From: | Ajin Cherian <itsajin(at)gmail(dot)com> |
---|---|
To: | Peter Smith <smithpb2250(at)gmail(dot)com> |
Cc: | "Hayato Kuroda (Fujitsu)" <kuroda(dot)hayato(at)fujitsu(dot)com>, vignesh C <vignesh21(at)gmail(dot)com>, "Zhijie Hou (Fujitsu)" <houzj(dot)fnst(at)fujitsu(dot)com>, Amit Kapila <amit(dot)kapila16(at)gmail(dot)com>, PostgreSQL Hackers <pgsql-hackers(at)lists(dot)postgresql(dot)org> |
Subject: | Re: Proposal: Filter irrelevant change before reassemble transactions during logical decoding |
Date: | 2025-04-17 04:00:05 |
Message-ID: | CAFPTHDaSn_-LuaE6v6s9+9HuvqpsJLbg-jz9FokZWekXydU39A@mail.gmail.com |
Views: | Raw Message | Whole Thread | Download mbox | Resend email |
Thread: | |
Lists: | pgsql-hackers |
On Thu, Apr 3, 2025 at 11:01 PM Shlok Kyal <shlok(dot)kyal(dot)oss(at)gmail(dot)com> wrote:
>
> Hi Ajin,
>
> I have reviewed patch v16-0001, here are my comments:
>
> 1. There are some places where comments are more than 80 columns
> window.
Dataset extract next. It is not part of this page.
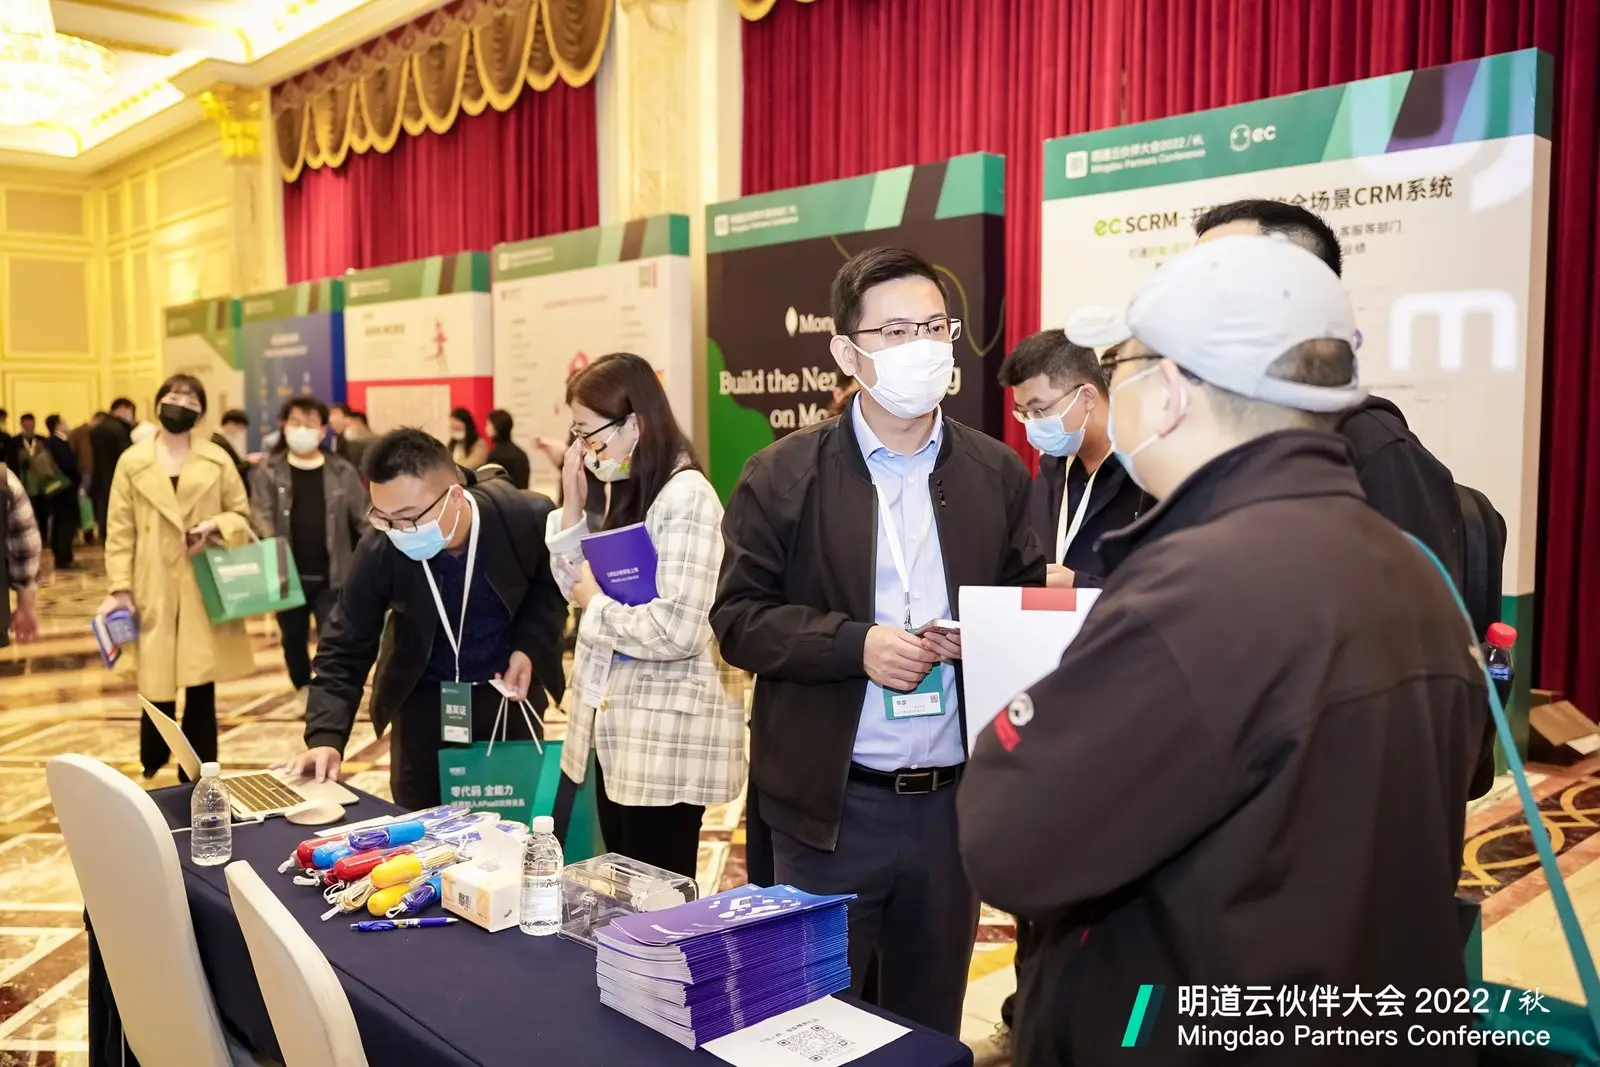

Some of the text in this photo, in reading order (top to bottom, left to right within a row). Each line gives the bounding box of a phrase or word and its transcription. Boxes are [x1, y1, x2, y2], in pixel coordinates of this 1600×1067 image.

I think it should be <=80 as per [1].
Fixed.
>
> 2. I think, 'rb->unfiltered_changes_count' should be initialised in
> the function 'ReorderBufferAllocate'. While debugging I found that the
> initial value of rb->unfiltered_changes_count is 127. I think it
> should be set to '0' inside 'ReorderBufferAllocate'. Am I missing
> something here?
> I have also added the same comment in point 1. in [2].
>
Fixed.
On Sat, Apr 5, 2025 at 12:34 AM Shlok Kyal <shlok(dot)kyal(dot)oss(at)gmail(dot)com> wrote:
>
> On Thu, 20 Mar 2025 at 18:09, Ajin Cherian <itsajin(at)gmail(dot)com> wrote:
> >
> > On Thu, Mar 13, 2025 at 5:49 PM Ajin Cherian <itsajin(at)gmail(dot)com> wrote:
> > >
> > > Moving this patch to the next CF as this patch needs more design level
> > > inputs which may not be feasible in this CF but do continue to review
> > > the patch.
> > >
> > > regards,
> > > Ajin Cherian
> > > Fujitsu Australia
> >
> > Rebased the patch as it no longer applied.
> >
>
> Hi Ajin,
>
> I reviewed v16-0002 patch, here are my comments:
>
> 1. Guc CHANGES_THRESHOLD_FOR_FILTER was introduced in 0001 patch,
> should this change be in 0001 patch?
>
Fixed.
> - * temporarily suspended. Filtering resumes after processing every 100 changes.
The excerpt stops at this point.